■ Your assignment ■
Below are records to retype exactly, except for the pictures.

■ Material provided ■
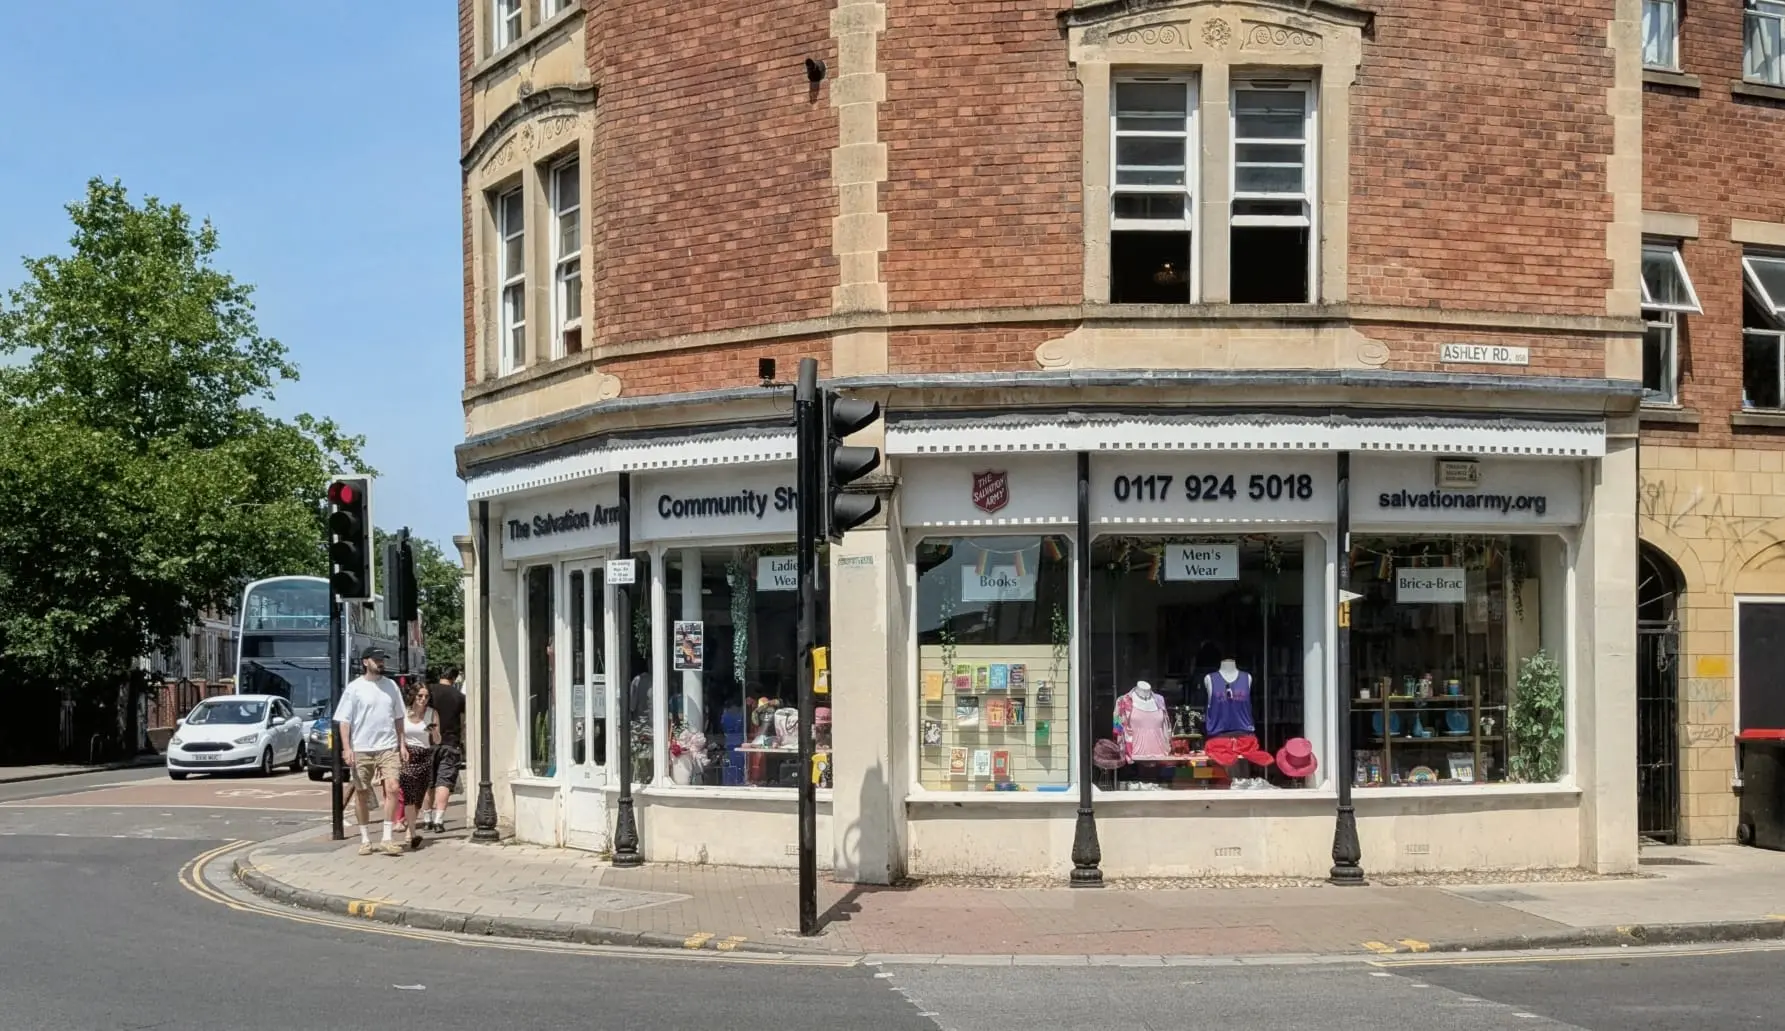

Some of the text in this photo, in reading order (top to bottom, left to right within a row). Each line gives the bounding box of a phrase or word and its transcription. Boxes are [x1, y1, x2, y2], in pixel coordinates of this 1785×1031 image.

[1443, 345, 1488, 360] ASHLEY
[1492, 347, 1512, 361] RD.
[977, 473, 993, 488] THE
[1114, 474, 1313, 501] 0117 924 5018
[973, 479, 1005, 503] SALVATION
[985, 488, 1005, 509] ARMY
[658, 486, 798, 520] Community Sh
[1379, 489, 1547, 516] salvationarmy.org
[508, 504, 620, 540] The Salvation Arm
[1181, 549, 1221, 561] Men's
[772, 559, 800, 572] Ladie
[1185, 564, 1218, 576] Wear
[774, 575, 797, 586] Wea
[980, 575, 1017, 587] Books
[1400, 577, 1464, 589] Bric-a-Brac

■ Answer space ■
Some of the text in this photo, in reading order (top to bottom, left to right within a row). Each line gives the bounding box of a phrase or word and its transcription. Boxes are [x1, y1, x2, y2], in pixel coordinates of this 1785×1031 image.

[1443, 345, 1488, 360] ASHLEY
[1492, 347, 1512, 361] RD.
[977, 473, 993, 488] THE
[1114, 474, 1313, 501] 0117 924 5018
[973, 479, 1005, 503] SALVATION
[985, 488, 1005, 509] ARMY
[658, 486, 798, 520] Community Sh
[1379, 489, 1547, 516] salvationarmy.org
[508, 504, 620, 540] The Salvation Arm
[1181, 549, 1221, 561] Men's
[772, 559, 800, 572] Ladie
[1185, 564, 1218, 576] Wear
[774, 575, 797, 586] Wea
[980, 575, 1017, 587] Books
[1400, 577, 1464, 589] Bric-a-Brac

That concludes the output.